NISC questions GoI sincerity on Peace talk

Dimapur, December 12 (MExN): The Naga International Support Center (NISC) has accused the Government of India (GoI) of using double standards in the Indo-Naga peace talks. The Human Rights organisation based in Amsterdam stated in a press release that, “it is not the first time that the Government of India talks peace on the negotiating table while undermining these talks for peace elsewhere.” The group questioned the sincerity of the Indian Government and wondered how people of India could trust leaders “…who do not make its policies public but continues to wage war and spends tremendous amounts of public money to subjugate peoples who have every right to pursue their right to the internationally acclaimed right to self determination.”  

The NISC also charged the Prime Minister of putting “a bomb in the 14 years of Indo-Naga peace talks.” It questioned why Prime Minister Manmohan Singh in Manipur on December 4, 2011, guaranteed the integrity of the state of Manipur knowing well that it was against the reunification of Naga areas.  “The Government of India acknowledges the unique history and situation of the Naga people… knows that the Nagas, though living in tribes and separated through mountains and valleys, are one in spirit where it concerns their nation. India has a long history with the Nagas where this tenacious spirit is concerned. India knows that Nagas do not give up their right to self determination, but fight for it with determination,” the group stated.
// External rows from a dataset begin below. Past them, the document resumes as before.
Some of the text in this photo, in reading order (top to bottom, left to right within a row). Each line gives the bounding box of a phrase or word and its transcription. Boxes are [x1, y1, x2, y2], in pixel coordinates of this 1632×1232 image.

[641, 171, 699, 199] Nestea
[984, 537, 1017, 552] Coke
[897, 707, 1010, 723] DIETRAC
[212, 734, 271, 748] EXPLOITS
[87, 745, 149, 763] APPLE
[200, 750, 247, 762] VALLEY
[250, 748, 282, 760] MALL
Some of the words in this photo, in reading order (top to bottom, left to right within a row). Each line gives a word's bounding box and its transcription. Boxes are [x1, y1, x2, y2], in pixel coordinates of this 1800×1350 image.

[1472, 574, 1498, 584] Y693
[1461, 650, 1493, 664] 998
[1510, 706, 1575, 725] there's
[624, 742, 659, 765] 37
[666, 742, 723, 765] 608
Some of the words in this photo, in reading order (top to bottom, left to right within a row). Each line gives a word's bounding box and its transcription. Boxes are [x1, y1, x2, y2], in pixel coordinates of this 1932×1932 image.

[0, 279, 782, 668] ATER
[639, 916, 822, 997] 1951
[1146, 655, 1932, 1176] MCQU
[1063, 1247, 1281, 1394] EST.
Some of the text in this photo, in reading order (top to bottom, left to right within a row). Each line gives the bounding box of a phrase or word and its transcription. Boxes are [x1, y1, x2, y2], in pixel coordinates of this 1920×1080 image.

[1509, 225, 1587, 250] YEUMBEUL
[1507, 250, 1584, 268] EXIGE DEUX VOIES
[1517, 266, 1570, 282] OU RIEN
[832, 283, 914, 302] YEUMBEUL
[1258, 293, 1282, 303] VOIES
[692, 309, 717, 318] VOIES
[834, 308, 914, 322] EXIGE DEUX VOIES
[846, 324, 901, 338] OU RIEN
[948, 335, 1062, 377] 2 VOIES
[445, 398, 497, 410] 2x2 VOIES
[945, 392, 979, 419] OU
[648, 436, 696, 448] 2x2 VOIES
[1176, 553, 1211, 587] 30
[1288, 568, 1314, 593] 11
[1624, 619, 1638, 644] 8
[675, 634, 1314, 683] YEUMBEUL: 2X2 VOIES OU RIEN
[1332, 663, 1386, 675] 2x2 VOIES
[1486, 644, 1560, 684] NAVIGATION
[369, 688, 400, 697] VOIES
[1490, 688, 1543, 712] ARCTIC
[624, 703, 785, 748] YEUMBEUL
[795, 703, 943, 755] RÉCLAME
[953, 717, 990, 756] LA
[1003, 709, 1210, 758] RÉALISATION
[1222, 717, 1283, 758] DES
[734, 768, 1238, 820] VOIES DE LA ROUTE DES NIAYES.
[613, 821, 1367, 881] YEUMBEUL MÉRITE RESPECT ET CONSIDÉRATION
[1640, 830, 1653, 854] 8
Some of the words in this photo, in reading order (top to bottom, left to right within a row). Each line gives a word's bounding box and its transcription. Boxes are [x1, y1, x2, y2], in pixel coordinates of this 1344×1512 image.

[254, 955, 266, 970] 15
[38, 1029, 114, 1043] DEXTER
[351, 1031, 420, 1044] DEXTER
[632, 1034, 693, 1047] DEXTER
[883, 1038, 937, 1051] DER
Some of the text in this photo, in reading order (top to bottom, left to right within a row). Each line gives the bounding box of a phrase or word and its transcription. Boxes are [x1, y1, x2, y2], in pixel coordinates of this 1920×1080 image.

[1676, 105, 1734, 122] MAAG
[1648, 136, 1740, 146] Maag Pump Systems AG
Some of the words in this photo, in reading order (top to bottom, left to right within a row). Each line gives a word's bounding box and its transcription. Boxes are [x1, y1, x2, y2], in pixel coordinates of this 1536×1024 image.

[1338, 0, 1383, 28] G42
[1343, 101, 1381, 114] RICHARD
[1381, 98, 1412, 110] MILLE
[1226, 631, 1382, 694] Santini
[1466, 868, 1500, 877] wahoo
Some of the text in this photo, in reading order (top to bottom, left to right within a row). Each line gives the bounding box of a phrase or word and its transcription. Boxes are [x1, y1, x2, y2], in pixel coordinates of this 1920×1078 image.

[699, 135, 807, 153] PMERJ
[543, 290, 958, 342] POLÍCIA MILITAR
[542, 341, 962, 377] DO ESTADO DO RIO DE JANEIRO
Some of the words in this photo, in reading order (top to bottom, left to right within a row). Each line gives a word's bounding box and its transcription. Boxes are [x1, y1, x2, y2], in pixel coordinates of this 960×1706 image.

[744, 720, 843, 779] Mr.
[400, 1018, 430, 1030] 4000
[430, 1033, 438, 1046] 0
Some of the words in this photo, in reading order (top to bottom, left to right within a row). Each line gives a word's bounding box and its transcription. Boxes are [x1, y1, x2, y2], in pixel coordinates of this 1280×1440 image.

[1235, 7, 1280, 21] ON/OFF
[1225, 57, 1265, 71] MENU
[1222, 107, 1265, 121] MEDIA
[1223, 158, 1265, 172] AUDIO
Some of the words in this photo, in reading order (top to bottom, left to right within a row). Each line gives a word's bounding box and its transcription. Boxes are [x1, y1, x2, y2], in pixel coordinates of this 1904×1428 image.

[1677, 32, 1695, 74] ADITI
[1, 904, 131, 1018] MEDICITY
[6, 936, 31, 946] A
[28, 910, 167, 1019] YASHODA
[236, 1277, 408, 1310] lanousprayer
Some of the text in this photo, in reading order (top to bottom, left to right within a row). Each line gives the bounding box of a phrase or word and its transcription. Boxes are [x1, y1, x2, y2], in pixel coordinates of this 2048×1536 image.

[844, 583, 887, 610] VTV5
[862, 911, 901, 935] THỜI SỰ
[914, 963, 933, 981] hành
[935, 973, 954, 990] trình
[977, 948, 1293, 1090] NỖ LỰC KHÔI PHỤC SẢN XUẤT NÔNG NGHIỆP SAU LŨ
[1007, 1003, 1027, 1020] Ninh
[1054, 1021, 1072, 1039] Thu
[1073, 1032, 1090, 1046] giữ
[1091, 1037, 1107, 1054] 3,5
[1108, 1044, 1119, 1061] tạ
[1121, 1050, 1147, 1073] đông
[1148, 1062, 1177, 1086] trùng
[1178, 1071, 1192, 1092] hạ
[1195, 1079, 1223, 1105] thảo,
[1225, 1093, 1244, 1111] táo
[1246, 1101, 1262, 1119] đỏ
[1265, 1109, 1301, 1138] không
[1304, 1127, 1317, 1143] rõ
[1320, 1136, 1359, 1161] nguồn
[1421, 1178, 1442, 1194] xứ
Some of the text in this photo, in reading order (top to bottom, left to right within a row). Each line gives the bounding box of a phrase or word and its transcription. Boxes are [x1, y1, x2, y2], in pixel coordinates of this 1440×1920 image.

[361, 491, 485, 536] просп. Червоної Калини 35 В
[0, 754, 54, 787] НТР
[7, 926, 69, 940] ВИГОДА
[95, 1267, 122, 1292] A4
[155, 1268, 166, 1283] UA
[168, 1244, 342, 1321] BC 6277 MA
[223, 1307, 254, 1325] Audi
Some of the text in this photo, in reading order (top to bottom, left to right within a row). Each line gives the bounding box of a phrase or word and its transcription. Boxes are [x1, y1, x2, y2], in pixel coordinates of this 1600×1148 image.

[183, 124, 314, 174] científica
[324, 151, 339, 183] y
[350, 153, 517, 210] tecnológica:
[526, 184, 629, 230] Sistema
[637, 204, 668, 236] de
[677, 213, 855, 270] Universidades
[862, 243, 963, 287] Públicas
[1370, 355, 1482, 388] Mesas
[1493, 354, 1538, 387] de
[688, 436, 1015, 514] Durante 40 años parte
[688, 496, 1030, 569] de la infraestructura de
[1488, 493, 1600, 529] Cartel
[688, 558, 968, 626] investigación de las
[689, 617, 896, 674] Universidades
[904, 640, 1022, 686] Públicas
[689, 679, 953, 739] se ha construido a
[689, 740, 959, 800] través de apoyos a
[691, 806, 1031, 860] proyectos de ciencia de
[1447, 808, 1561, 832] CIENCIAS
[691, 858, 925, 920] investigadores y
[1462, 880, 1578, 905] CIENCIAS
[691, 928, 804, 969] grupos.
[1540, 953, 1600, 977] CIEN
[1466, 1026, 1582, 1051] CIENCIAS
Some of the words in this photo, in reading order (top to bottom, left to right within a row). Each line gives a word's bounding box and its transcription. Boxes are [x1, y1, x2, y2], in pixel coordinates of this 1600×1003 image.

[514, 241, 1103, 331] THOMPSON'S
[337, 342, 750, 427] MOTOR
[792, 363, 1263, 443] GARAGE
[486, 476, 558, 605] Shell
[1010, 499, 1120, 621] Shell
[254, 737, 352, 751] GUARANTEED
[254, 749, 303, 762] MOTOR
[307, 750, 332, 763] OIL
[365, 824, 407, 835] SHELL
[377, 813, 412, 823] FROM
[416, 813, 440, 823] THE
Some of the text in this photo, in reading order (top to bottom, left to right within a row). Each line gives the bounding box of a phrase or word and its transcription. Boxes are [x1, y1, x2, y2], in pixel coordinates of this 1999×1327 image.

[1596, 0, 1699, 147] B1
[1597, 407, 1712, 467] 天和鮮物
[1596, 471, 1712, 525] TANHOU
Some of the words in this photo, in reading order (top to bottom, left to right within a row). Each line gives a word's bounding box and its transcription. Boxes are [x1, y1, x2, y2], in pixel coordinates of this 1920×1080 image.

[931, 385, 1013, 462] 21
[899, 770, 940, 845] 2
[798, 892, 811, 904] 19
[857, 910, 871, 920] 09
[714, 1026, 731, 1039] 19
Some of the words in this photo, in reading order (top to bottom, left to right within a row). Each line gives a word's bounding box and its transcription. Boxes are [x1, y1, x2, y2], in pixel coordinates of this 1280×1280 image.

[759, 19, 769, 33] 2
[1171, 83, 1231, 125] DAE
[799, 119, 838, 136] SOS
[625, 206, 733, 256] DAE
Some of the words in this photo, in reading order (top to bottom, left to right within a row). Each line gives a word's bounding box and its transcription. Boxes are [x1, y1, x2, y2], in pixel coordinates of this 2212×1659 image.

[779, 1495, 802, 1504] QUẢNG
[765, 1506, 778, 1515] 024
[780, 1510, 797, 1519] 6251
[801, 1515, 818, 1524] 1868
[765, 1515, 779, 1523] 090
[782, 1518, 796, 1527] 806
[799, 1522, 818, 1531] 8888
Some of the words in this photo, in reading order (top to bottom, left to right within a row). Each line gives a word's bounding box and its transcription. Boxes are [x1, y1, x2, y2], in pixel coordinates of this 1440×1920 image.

The NISC has urged the Indian Government to “defuse the bomb which has been placed to undermine the peace talks and to solve the long standing conflict by talking genuinely and with sincerity.” It also told the Indian Government to “befriend the Nagas and other Indigenous Peoples so a future relationship between the two nations can be intimate and fruitful, yet independent; and to make its policies on the Northeast in general and on the Indo-Naga conflict in particular public, so democratic accountability to the public will take root.” Furthermore, it told that the Indian Government “publish both human losses of the Armed Forces of India as well as the human losses inflicted on the Nagas and to release all political prisoners who have not committed terrorist crimes but fought for the right to self determination.”

The NISC has also appealed to the Indian media: journalists, editors, TV producers, filmmakers, writers to “do a little research on the cost of the Indo-Naga war related to approximately 60 years with an average of 2,00,000 men and women still stationed in Naga areas, to asses the daily operations like cost of camps and their maintenance, transport, fuel, equipment, weapons.”